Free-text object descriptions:
================

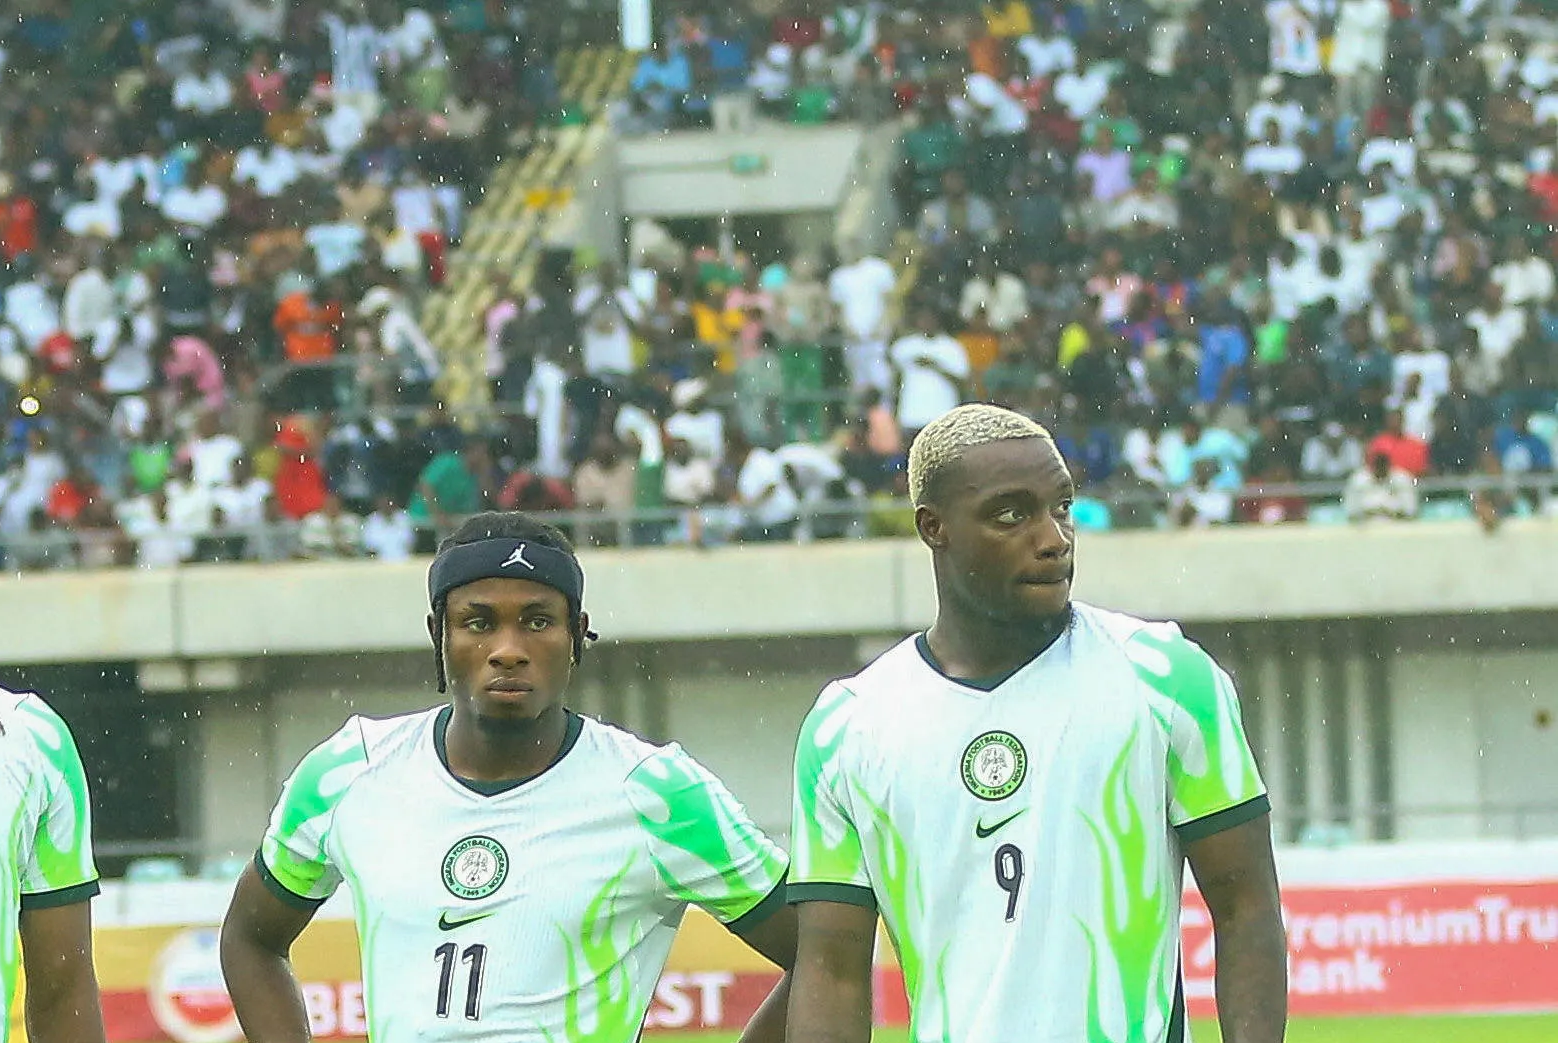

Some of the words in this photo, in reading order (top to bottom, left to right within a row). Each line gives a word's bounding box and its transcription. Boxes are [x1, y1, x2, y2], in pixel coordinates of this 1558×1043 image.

[994, 843, 1026, 923] 9
[1281, 893, 1558, 950] remiumTru
[434, 942, 487, 1021] 11
[645, 971, 735, 1027] ST
[1287, 947, 1386, 994] ank
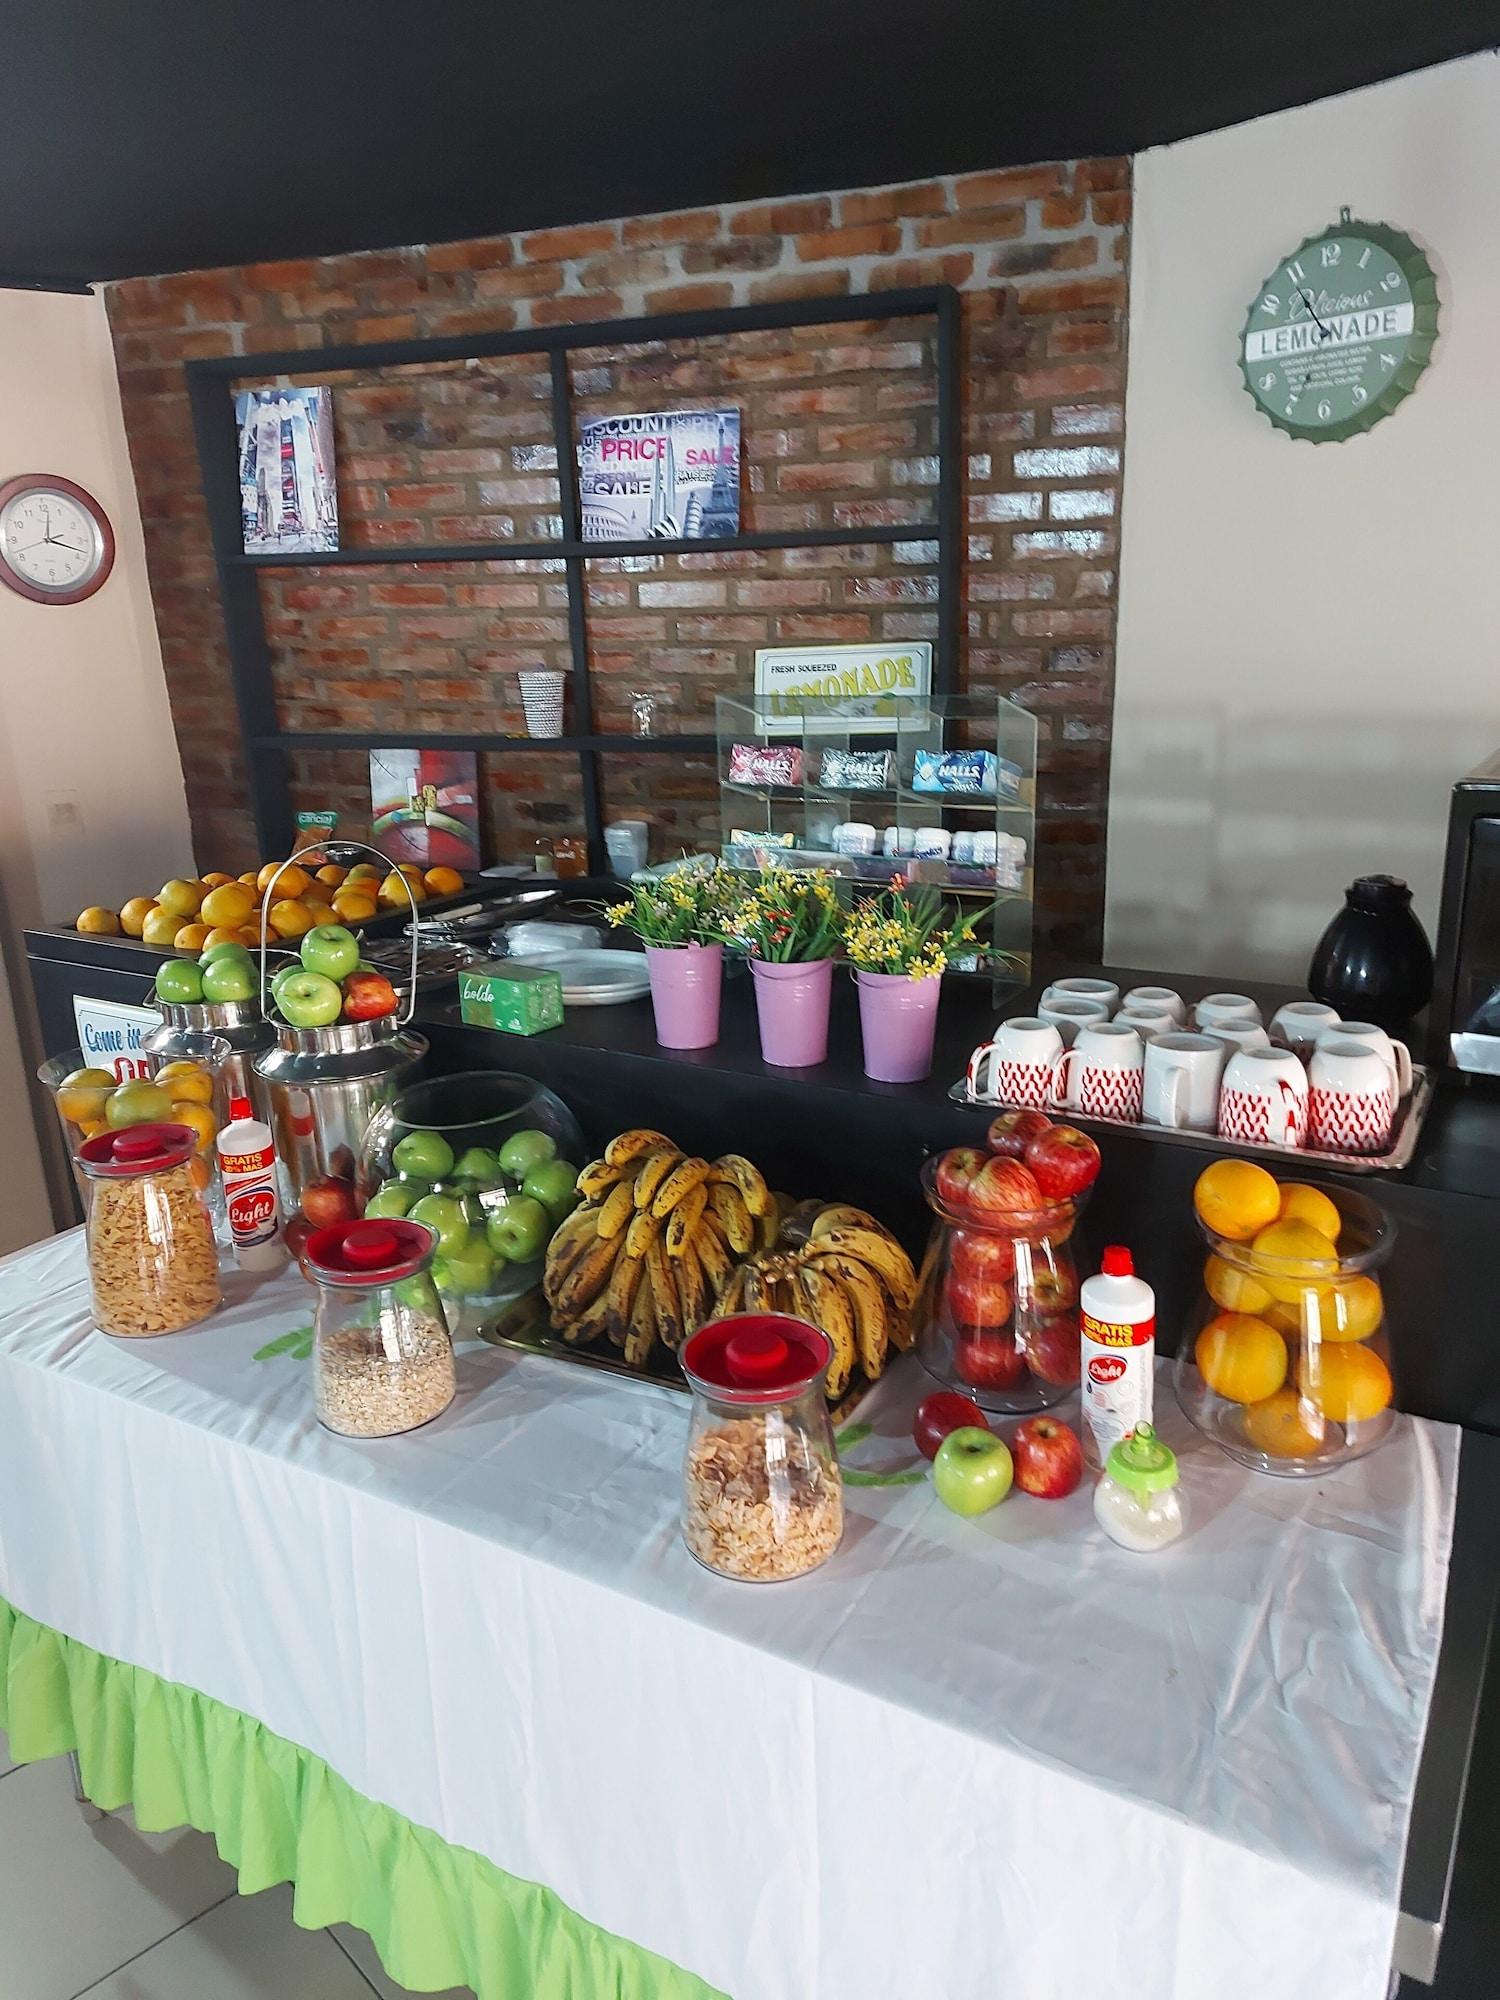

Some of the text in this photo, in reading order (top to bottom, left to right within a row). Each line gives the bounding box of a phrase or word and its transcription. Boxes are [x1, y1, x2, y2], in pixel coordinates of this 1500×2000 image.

================

Repeat each line of the records exactly. Do not include the pictures.

EXERCISE SOLUTION:
Some of the words in this photo, in reading order (top to bottom, left to right within a row). Each line gives a word's bounding box and its transcription. Boxes are [x1, y1, x2, y2], in pixel coordinates of this 1558×1043 image.

[994, 843, 1026, 923] 9
[1281, 893, 1558, 950] remiumTru
[434, 942, 487, 1021] 11
[645, 971, 735, 1027] ST
[1287, 947, 1386, 994] ank

Some of the text in this photo, in reading order (top to bottom, left to right within a row). Each line gives the bounding box of a phrase or word and its transcription. Boxes are [x1, y1, x2, y2], in pixel coordinates of this 1500×2000 image.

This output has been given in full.